Jimmy Toney, the 45-year-old pastor of The Pentecostals of Gainesville, leads a vigil for the victims of the I-75 accident last Thursday. People filled the church Sunday evening to support the families of the victims and pray for their recovery. “They’ve been stuck in hospitals with doom and gloom and death,” Toney said. “I just think it meant the world.” // Chris Day, The Alligator

Pastor Jimmy Toney hasn’t left the injured victims of a crash on Interstate 75 alone.

“It was sad, but at the same time humbling and an honor to be able to serve somebody when they’re at their weakest and lowest point,” said Toney, of the Pentecostals of Gainesville, about the victims of the crash.

On Sunday night, about 400 people came to the church’s vigil to honor the seven people, including five children from Louisiana who were on their way to Walt Disney World, who died in a fiery crash on I-75 Thursday.

Families of the victims sat in the front row.

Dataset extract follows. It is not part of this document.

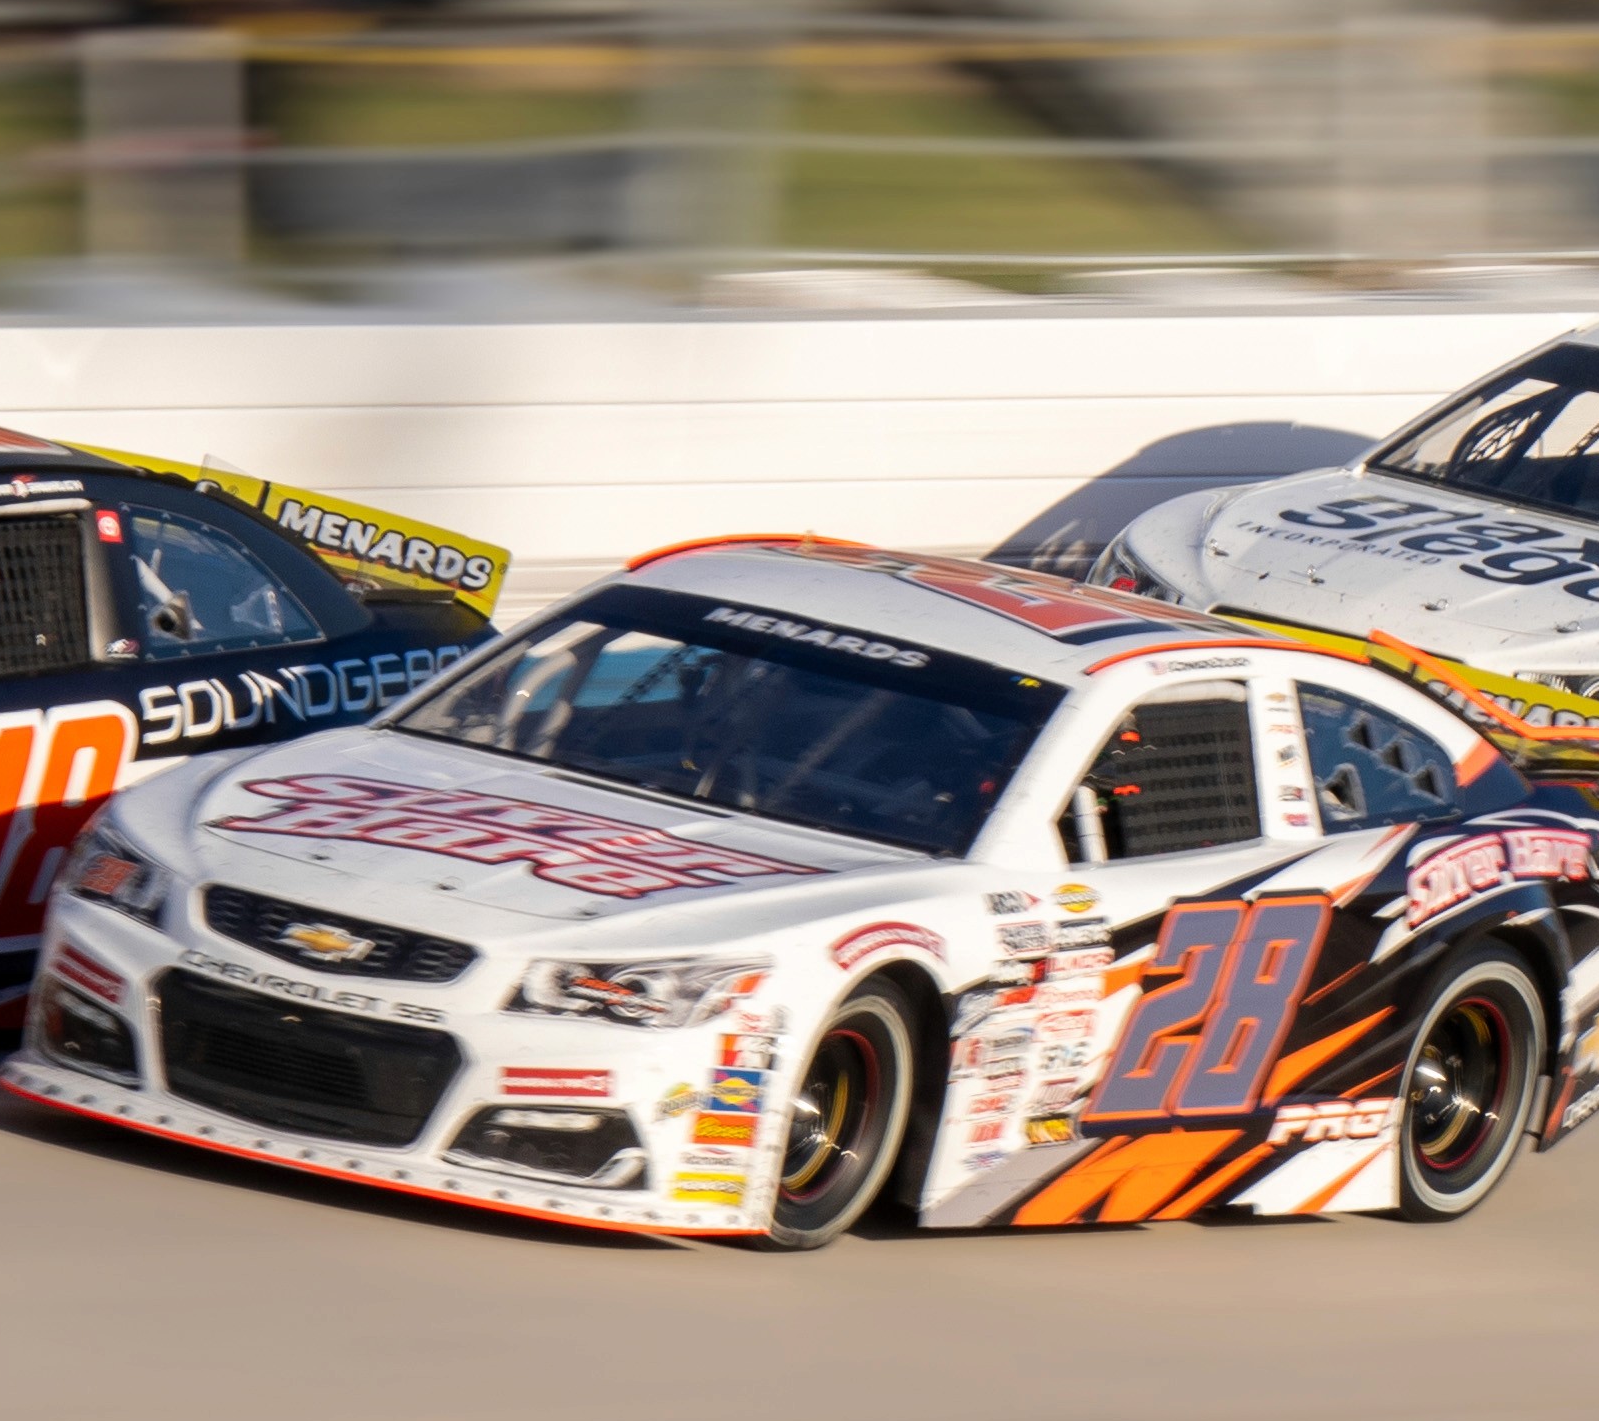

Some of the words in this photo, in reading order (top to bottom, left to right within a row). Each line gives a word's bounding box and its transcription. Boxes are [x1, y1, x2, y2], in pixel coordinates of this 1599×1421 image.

Sounds of sniffling and crying could be heard throughout the service as people prayed.

During the service, Toney announced that the church will pay for the burial plots of the five children who died. He also thanked the first responders, doctors and nurses who worked with the injured.

He also bought Chance Bernard, 9, who was among the eight injured, a plane ticket home so he wouldn’t have to travel back in a vehicle.

When Pastor Eric Descant from Avoyelles House of Mercy Church in Marksville, Louisiana, spoke at the vigil, he expressed how he hasn’t been able to get over the thought of his granddaughter, who died in the crash, and the other young victims were in “nonchalant black bags somewhere.”

“I cried so much this morning,” he said. “My tears felt like lava flowing out of a volcano.”

The five children killed were Joel Cloud, 14; Jeremiah Warren, 14; Cierra “Cece” Bordelan, 9; Cara Descant, 13; and Brieana Descant, 10, according to the Florida Highway Patrol.

Alexis Ikerd, 18, of Marksville, Louisiana, was Bordelan’s cousin. Ikerd said the girl was very excited about the Disney trip and she had just seen her for the holidays.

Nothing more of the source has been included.